Machine Translation in the Wild: User Reaction to Xiaohongshu's Built-In Translation Feature
Analysis of 6,723 comments reveals how users tested the feature with slang, emoji, and coded text.
A new research paper titled 'Machine Translation in the Wild: User Reaction to Xiaohongshu's Built-In Translation Feature' provides a detailed look at how users interacted with the social media platform's AI translation tool after its January 2025 launch. Authored by Sui He and available on arXiv, the study analyzed 6,723 user comments collected from 11 official posts promoting the feature. Using a combination of sentiment analysis and thematic analysis, the research found that overall reactions were positive, particularly for the function's ability to translate posts and comments, bridging linguistic gaps on the platform.

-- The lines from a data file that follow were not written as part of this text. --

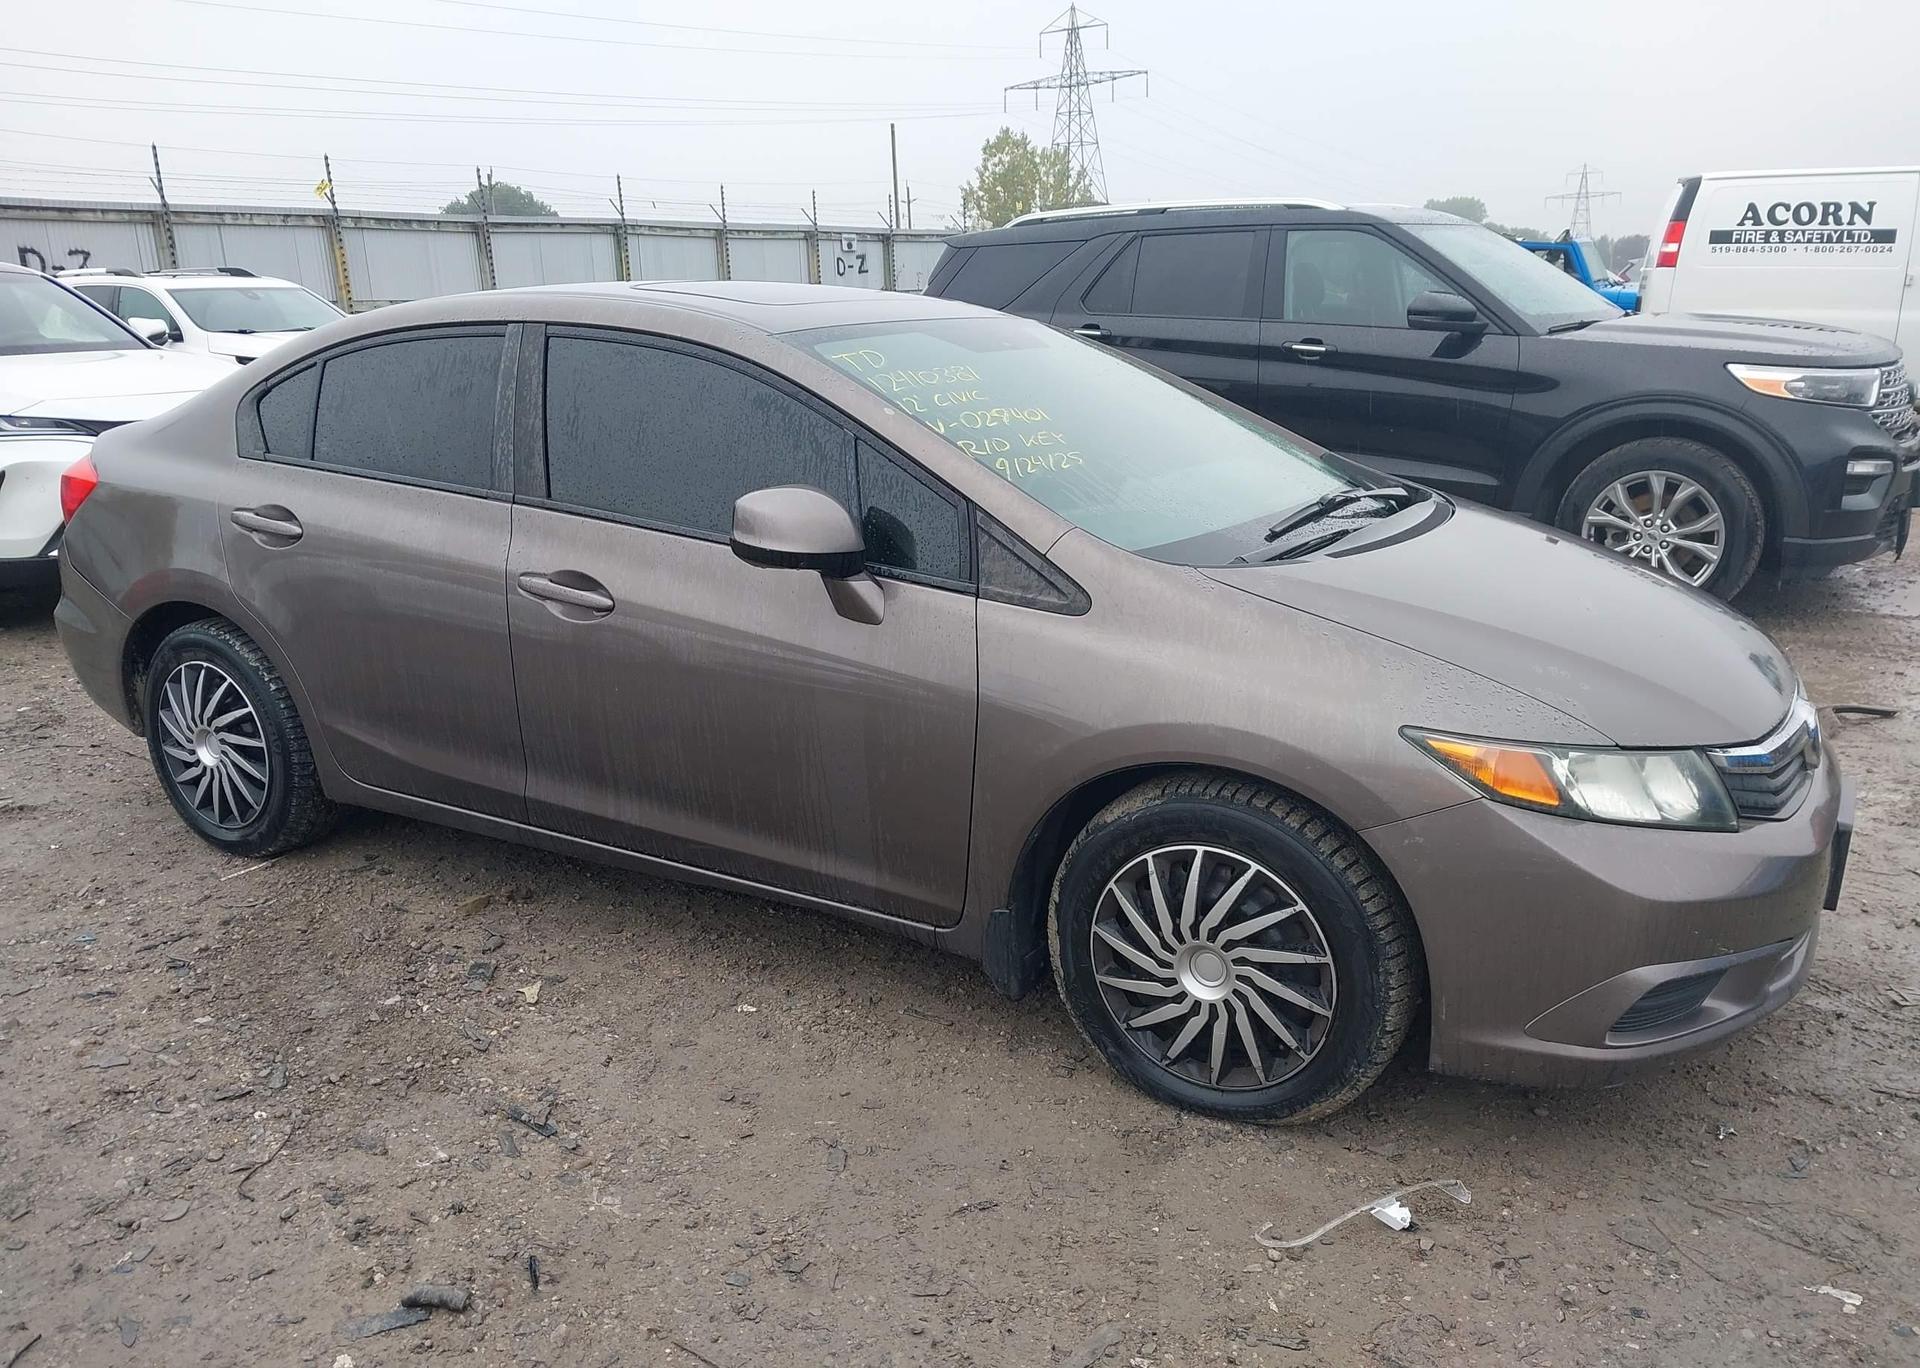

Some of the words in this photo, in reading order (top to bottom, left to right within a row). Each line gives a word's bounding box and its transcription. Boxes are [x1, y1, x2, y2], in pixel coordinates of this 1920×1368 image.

[1736, 201, 1877, 226] ACORN
[1732, 231, 1766, 243] FIRE
[1769, 231, 1780, 243] &
[1784, 230, 1841, 243] SAFETY
[1842, 230, 1875, 243] LTD.
[1711, 245, 1787, 254] 519-884-5300
[1803, 245, 1893, 253] 1-800-267-0024
[832, 349, 886, 372] TD
[934, 389, 989, 407] CIVIC
[1019, 431, 1068, 448] KEY
[995, 451, 1083, 481] 9/24/25

However, the study also revealed user concerns regarding functionality, accessibility, and translation accuracy. Beyond just giving feedback, users actively 'stress-tested' the AI system with a wide variety of inputs. This included not only standard English and Chinese words and phrases but also abbreviations in pinyin, internet slang, emoji, kaomoji (Japanese emoticons), and other coded text forms. This real-world experimentation goes far beyond the controlled environments typically used to train and benchmark machine translation models.
The findings underscore a critical gap between how translation AI is developed and how it's actually used in messy, informal social media contexts. The paper concludes by emphasizing the importance of closer, interdisciplinary collaboration among computer scientists, translation scholars, and platform designers. This partnership is essential to better understand user behavior and to iteratively improve translation technologies so they function effectively within real-world, dynamic communicative environments, not just in lab settings.

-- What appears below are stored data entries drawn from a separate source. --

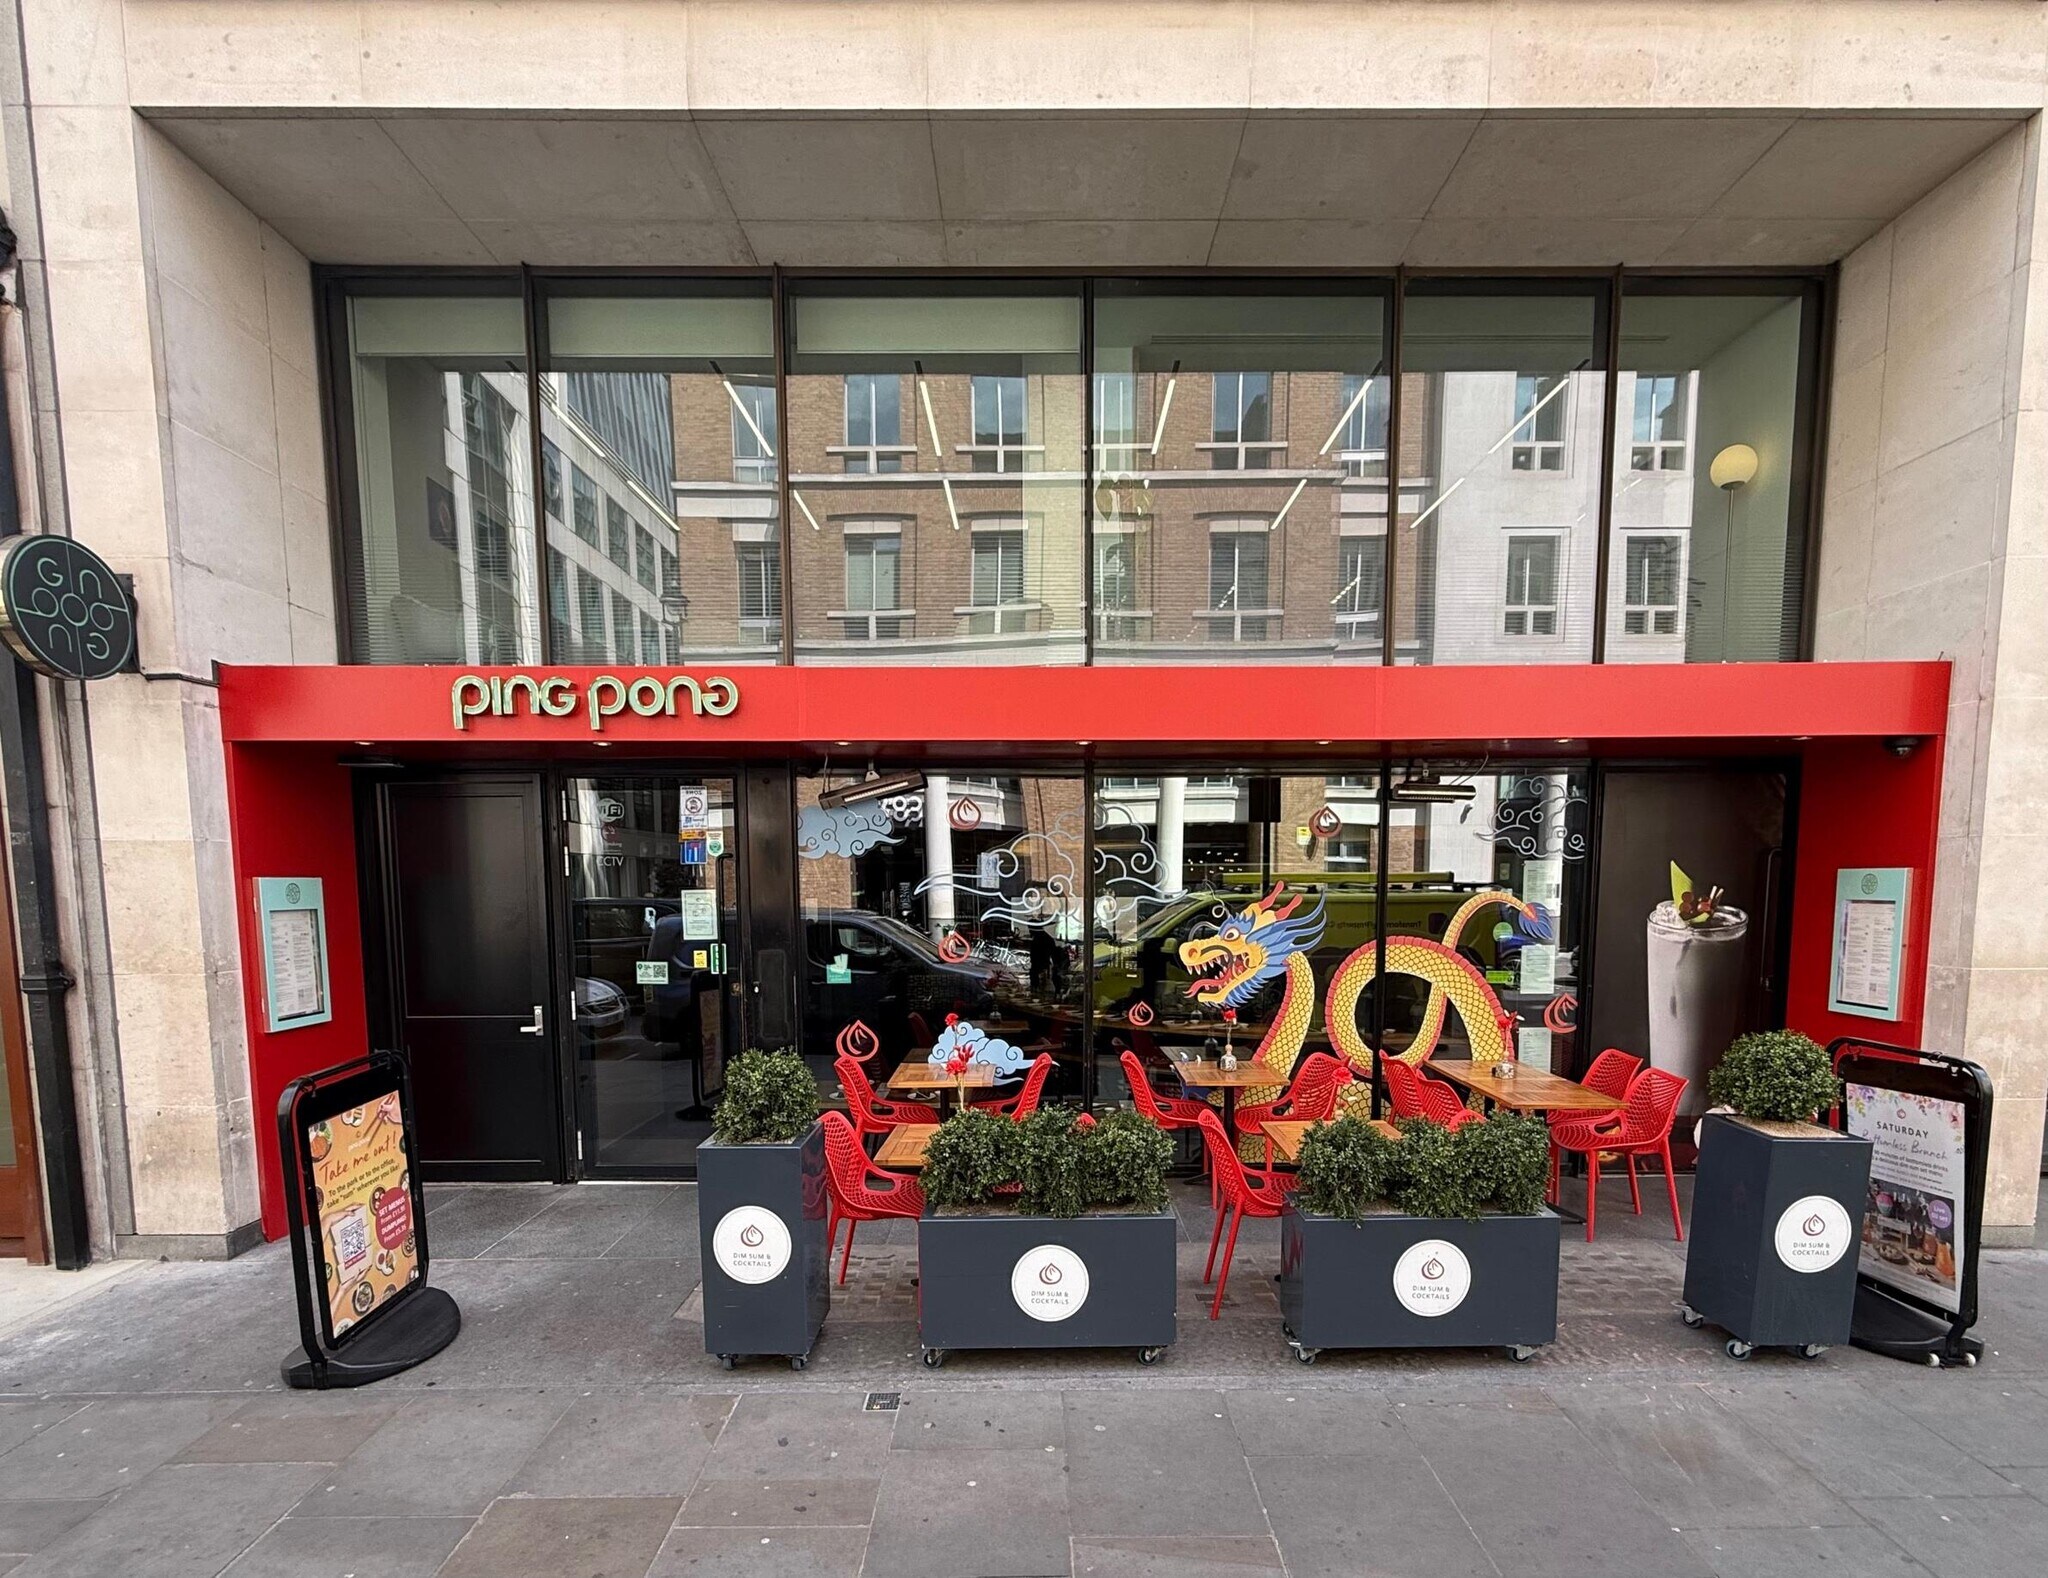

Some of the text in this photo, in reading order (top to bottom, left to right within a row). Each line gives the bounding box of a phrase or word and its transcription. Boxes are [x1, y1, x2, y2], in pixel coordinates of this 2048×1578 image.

[1876, 1121, 1929, 1139] SATURDAY
[319, 1160, 348, 1185] Take
[353, 1153, 369, 1168] me
[328, 1189, 336, 1197] To
[337, 1184, 346, 1192] the
[379, 1206, 388, 1217] SET

- Study analyzed 6,723 user comments on Xiaohongshu's translation feature launched in Jan 2025, finding overall positive sentiment.
- Users tested the AI with diverse inputs: English/Chinese, pinyin abbreviations, internet slang, emoji, and kaomoji, revealing real-world usage patterns.
- Research calls for collaboration between computer scientists, translation scholars, and designers to improve tech for real communicative contexts.
Why It Matters
Shows how real users break AI translation tools, guiding better development for social media and global platforms.